Many scientists already were convinced that Enceladus had an internal ocean, but “this is really the first direct evidence we’ve had as to the configuration of the interior,” said planetary scientist John Spencer of the Southwest Research Institute, who was not involved in the new research. “That’s a really, really nice thing to have.”
A sea in direct contact with rock “would substantially enhance the satellite’s habitable potential,” Sohl said via email. Enceladus could harbor features similar to Earth’s seafloor hydrothermal vents, where chemical-laden water supports rich communities of sea creatures.
Enceladus may not generate enough heat to sustain life. But if it does, it could be a long time before Earthlings find out. NASA’s Cassini spacecraft lacks the sophisticated equipment to sniff out signs of living organisms, and NASA has no firm plans to send a spacecraft to the little moon.

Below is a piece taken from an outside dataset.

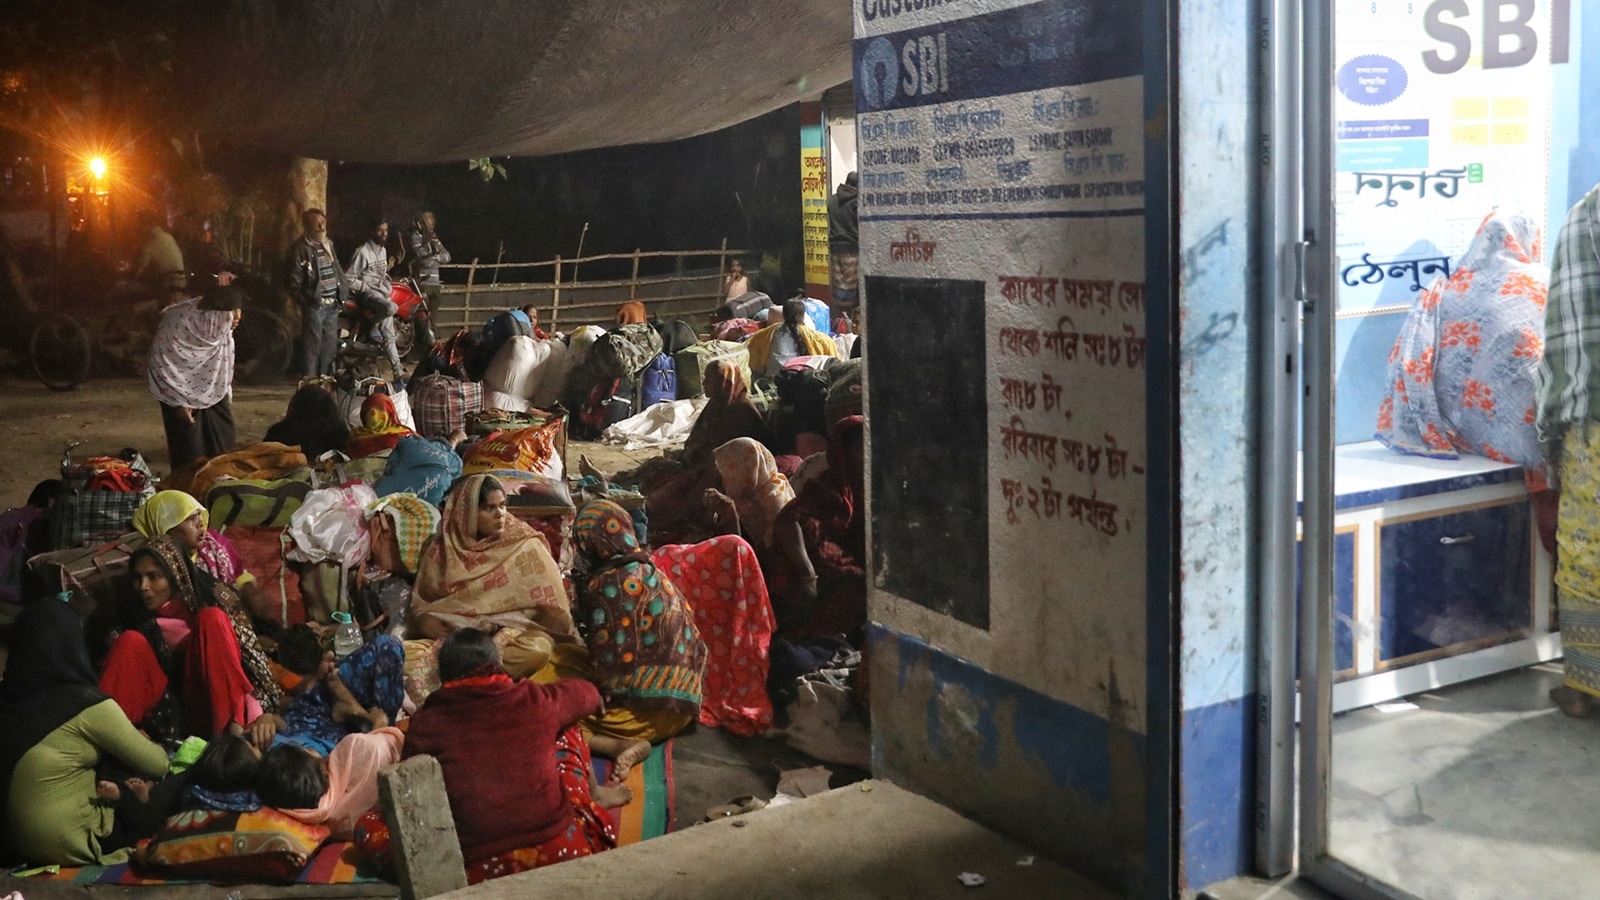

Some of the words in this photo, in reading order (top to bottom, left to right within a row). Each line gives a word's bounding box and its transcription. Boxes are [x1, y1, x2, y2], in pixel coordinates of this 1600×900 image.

The new data “makes the interior of Enceladus a very attractive potential place to look for life,” Lunine said. And what it “tells us is that we need to be more aggressive in getting the next generation of spacecraft” to Saturn’s moons and other places in the solar system that might harbor life.
“We’ll have to wait a long time before returning to Enceladus,” said study co-author Sami Asmar of the Jet Propulsion Laboratory. “Hopefully, in our lifetime.”